Fitzgerald’s writing of this is subtle and beautiful. The romantic notes are deeply romantic, in the way that a single line can be enough to make your heart ache. The characters might not appear to be well developed- until the end of the novel, when you fill in the blanks with assumptions. He’s a heavily showing author, who puts in the hints and lets the reader form the picture. Except, of course, for his elaborately well-written descriptions, of which imagination is barely necessary.
Of course, the love affair of Daisy and Gatsby doesn’t really matter in the end. Tom’s own messy affair with an audaciously awful woman that I believe was used only for sex and never for the life Tom was promising her, was a truly intriguing part of the novel. His emotions at the end of her life were a nice touch, but I believe that they were more out of the fondness he had grown for her than any deep love. His bold lie comes to the novel’s end by way of a murder-suicide- one of the victims being the great Gatsby (the murder), the other being the husband of Tom’s lover (the suicide). This end was not well described, and in fact, was extremely subtle- caution, you have to know how to analyze to enjoy this book.

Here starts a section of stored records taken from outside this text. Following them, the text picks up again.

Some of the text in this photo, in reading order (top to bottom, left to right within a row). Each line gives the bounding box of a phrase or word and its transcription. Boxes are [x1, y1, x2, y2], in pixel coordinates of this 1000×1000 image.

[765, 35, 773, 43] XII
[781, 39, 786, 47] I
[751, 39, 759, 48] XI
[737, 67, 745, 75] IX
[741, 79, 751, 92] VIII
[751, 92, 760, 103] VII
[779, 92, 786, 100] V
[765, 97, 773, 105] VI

However, my favorite part of the novel comes with how the death of Gatsby is treated. Throughout the entirety of the novel, Gatsby is regarded as someone bigger than life. Then, his father comes to attend his funeral; and the scenes with that man, as he says goodbye to his “Jimmy”, the boy that he claims was going somewhere and would have done great things, were heartfelt. It was humanizing, and exactly what Gatsby’s character needed. The second thing that humanizes Gatsby is the actual number of people who attended his funeral. For all those glitz and glam parties, and all the people Gatsby loved and whom loved Gatsby, none of them said goodbye. Not even Daisy or Tom, who vanished on a trip last minute.

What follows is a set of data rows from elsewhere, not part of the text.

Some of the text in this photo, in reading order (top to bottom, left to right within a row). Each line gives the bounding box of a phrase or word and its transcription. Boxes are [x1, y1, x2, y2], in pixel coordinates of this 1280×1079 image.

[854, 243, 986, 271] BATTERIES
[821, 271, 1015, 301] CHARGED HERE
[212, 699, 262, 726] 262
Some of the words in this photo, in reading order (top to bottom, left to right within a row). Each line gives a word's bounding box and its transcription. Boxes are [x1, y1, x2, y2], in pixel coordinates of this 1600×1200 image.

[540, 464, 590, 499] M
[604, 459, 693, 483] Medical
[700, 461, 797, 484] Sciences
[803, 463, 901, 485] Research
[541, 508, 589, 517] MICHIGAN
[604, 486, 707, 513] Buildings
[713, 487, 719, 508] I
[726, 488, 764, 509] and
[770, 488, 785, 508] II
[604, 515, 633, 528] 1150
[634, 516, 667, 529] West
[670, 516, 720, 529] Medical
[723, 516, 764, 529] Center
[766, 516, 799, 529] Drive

It was a crushing blow, an emotional hammer on the chest, and one that made this novel one of my new favorite classics. Not because I enjoyed the read- admittedly, the writing never stopped being hard to focus on, and I had to push through to read it. If someone says they’ve read this novel beginning to end, that’s an accomplishment. But rather, because of the implications of this novel. The societal commentary, the human nature of truly shitty people like the big, brutal Tom and his ditzy wife, both waltzing through life without a care of the destruction they may cause.
All of this is told through bystander Nick’s view. I would like to say he’s Gatsby’s only friend, but he wasn’t. He was just a man with some relation to Daisy, who happened to be present for the events; the downfall of the great Gatsby. But he was a man who listened more than he spoke, understood more than he said, and honored Gatsby in the end. He stood for Gatsby when Gatsby’s “friends” did not. For that, he becomes a great character, and holds this story together.
As a piece of literature, I think that this novel exemplifies its genre. It shows great literary devices, story writing implementations, and brilliant characterization. I doubted it, because it’s such an annoying novel to read; but then you do, and you sit and think about it, and the weight of it falls. A great man… just a man… and the people who screwed him over, whom many would consider “great” because of the picture they paint.